Once you deploy, you want to make sure you're observing your integration. In case of payments, for example, or payment integration, you want to make sure all your payments are going through. Throughout this experience, you want to make sure that you get the support you need from the producer of those APIs that you're integrating with. That there is a developer community that has information you need in case you get stuck, and there is enough resources for you to debug your integration if you need to. In case you get stuck, you'll be able to reach out and provide feedback to the company that's producing the APIs. It's very important that that feedback loop exists. From the producer standpoint, it's very important that that feedback loop is designed in a way that helps the customer in a way that is time sensitive. Also, make sure that that feedback across many customers is available as an input to the next iteration of your APIs, so that you are able to empathize with the customers and your APIs will evolve over time to better address customer needs.

Stakeholders Across API Producer Lifecycle

One of the very fascinating things that I find about APIs is how it has evolved from engineering teams, and engineers have led the development of APIs for a long time. Most of the times, a majority of APIs tend to be internal and not public facing. At the same time, now that a lot of companies are starting to think about publishing APIs, monetizing APIs through public facing APIs or partner specific, customer specific APIs, the need for thinking of APIs as products has really come to the front. It's become really important that we think about various aspects of what that means. One of the important things that really impacts a product is to make sure that the stakeholders across the product lifecycle, in this case, API lifecycle are identified, and that they are able to collaborate in effective production of the product. This is where the role of product comes in in terms of API development.

In this diagram, the blue items in the API producer lifecycle are business functions. When we traditionally did not have a lot of product management in terms of building APIs, now it's wrapped in more business focused initiatives and thought process. In terms of when we think about APIs, just jumping into developing something, which is very developer-first way of developing APIs, we have to take a step back and approach it with a more design led way of developing APIs. That's where you start with a product manager leading the definition and requirements of the API that needs to be built. You bring in software architects, and designers, and PMs, who collaborate on the design of the API. Then the actual development begins. This also ensures that in a large organization, you have done the due diligence of making sure you don't have redundant APIs, that your APIs meet a certain quality criteria, and you have thought about the prerequisites of what is needed, and you're being more mindful of your developer bandwidth and not just building things that you have to later deprecate. There's more thought put in upfront before the APIs are actually built.

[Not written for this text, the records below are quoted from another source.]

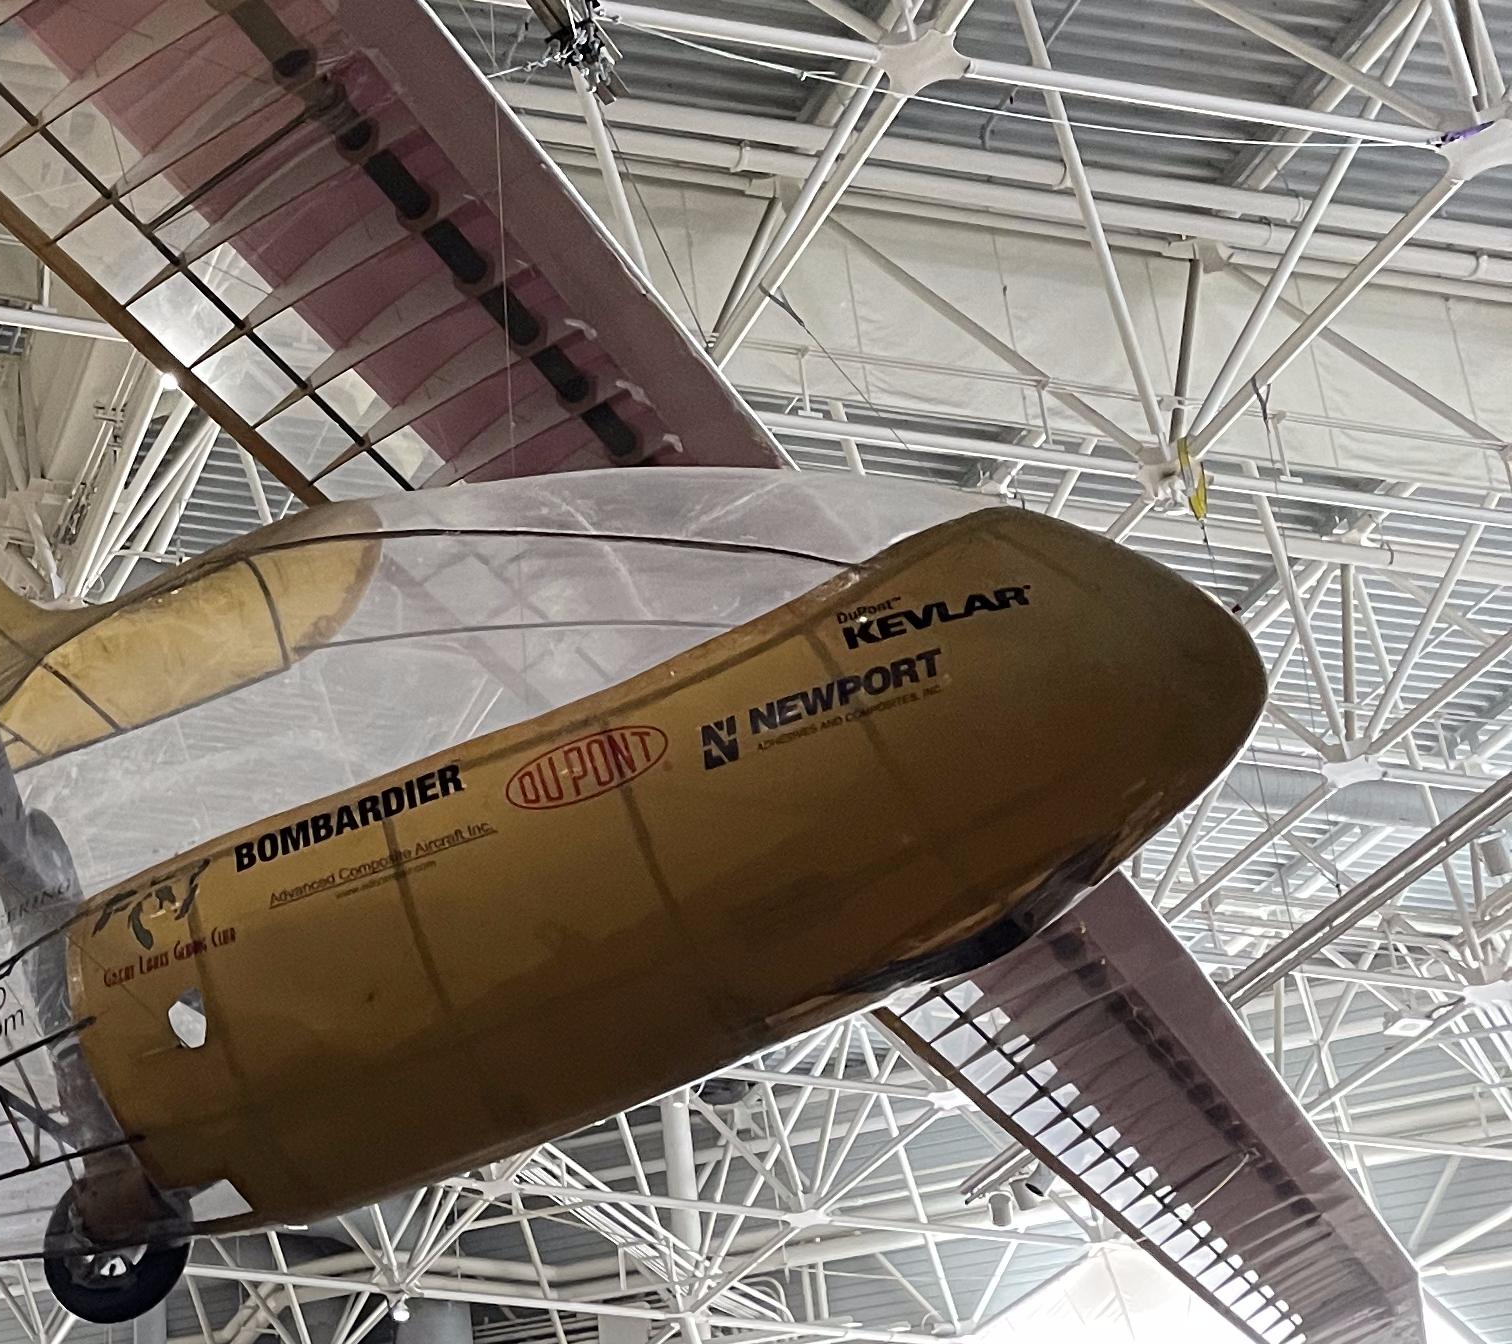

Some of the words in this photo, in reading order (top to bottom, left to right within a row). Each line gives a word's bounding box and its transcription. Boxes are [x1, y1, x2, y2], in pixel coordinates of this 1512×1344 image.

[843, 585, 1030, 650] KEVLAR
[749, 648, 941, 735] NEWPORT
[234, 764, 465, 873] BOMBARDIER
[271, 872, 336, 904] Advanced
[414, 828, 465, 856] Aircraft

This is also an opportunity to shift security and testing left where you can think about what will the security needs be for the API. I recommend bringing in security teams as early as the design phase to actually get your feedback on, what are the criteria that a particular API needs to meet in terms of being more secure for your end users? Since your consumers are going to be very focused on security, and security is a very top of mind aspect of how customers evaluate different APIs to integrate with in applications. When we think about development, you have the developers for testing, you have test engineers. For security, you have information security teams. Deployment is generally a different team of release management. Then you come to observability, where you bring in the SRE, DevOps, your platform teams. You could probably even bring in data analysts to help you build dashboards, depending on what metrics you want to establish for measuring your APIs. When you start to think about go-to market, you need to start involving your product marketing manager, who will drive the distribution of your APIs. As you can see, these are different teams that are involved, who are owners of different steps of the API producer lifecycle. As your APIs go through different stages of the lifecycle, all these different owners have to work together and provide their input, set the standards. Generally, the product manager has to be the one who owns the progress of the API across all of these steps. Although they are the originator and they're part of the definition, they are the ones coordinating and collaborating with all these owners to get the APIs to the finish line.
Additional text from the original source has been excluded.